TS 55.241
Specification of the
GIA4 Encryption Algorithms for GPRS –
GIA4 Specification
V17.0.0 (PDF)
2022/03 13 p.
V16.0.0
2020/06 13 p.
V15.0.1
2018/06 12 p.
V14.0.1
2018/06 12 p.
V13.0.1
2018/06 12 p.
- Rapporteur:
- Mr. Evans, Tim P.
VODAFONE Group Plc
Content for TS 55.241 Word version: 17.0.0
0 Introduction
1 Scope
2 References
3 Definitions, symbols and abbreviations
4 Introductory information
5 Integrity algorithm GIA4
A Components and architecture of the GIA4 algorithm
B Simulation program listing
$ Change History
0 Introduction Word‑p. 4
This specification has been prepared by the 3GPP Task Force, and gives a detailed specification of the 3GPP integrity algorithm GIA4.

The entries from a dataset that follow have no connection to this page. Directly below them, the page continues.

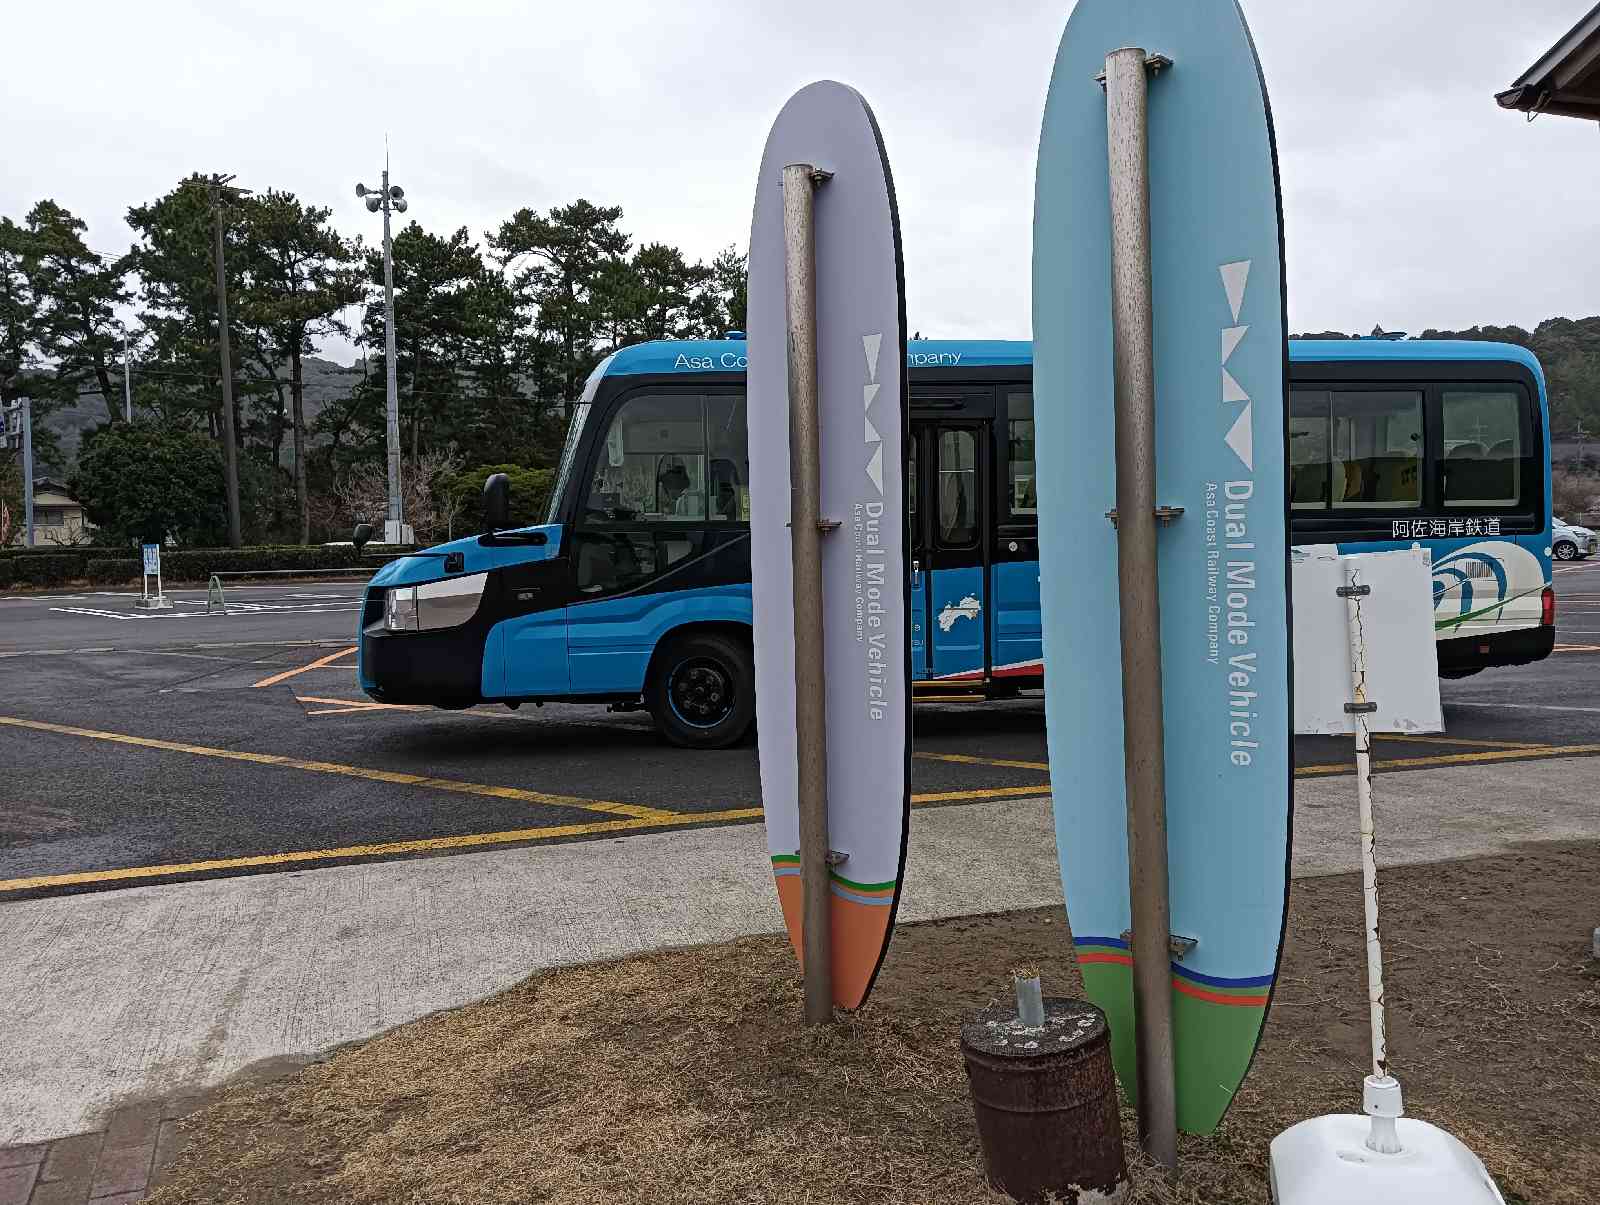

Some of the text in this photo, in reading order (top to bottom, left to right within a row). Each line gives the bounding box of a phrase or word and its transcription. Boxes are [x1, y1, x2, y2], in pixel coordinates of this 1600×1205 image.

[674, 353, 714, 369] Asa
[854, 503, 863, 522] Asa
[1392, 517, 1501, 538] 阿佐海岸鉄道
[1206, 482, 1220, 664] Asa Coast Railway Company
[855, 596, 864, 642] Company
[866, 502, 888, 720] Dual Mode Vehicle
[1224, 480, 1259, 765] Dual Mode Vehicle

This document is the first of three, which between them form the entire specification of the 3GPP Integrity Algorithm GIA4:
- 3GPP TS 55.241: "Specification of the GIA4 encryption algorithms for GPRS; GIA4 specification".
- 3GPP TS 55.242: "Specification of the GIA4 encryption algorithms for GPRS; Implementers' test data".
- 3GPP TS 55.243: "Specification of the GIA4 encryption algorithms for GPRS; Design conformance test data".
1 Scope Word‑p. 5
The present document defines the technical details of the 3GPP integrity algorithm GIA4.
2 References Word‑p. 5
The following documents contain provisions which, through reference in this text, constitute provisions of the present document.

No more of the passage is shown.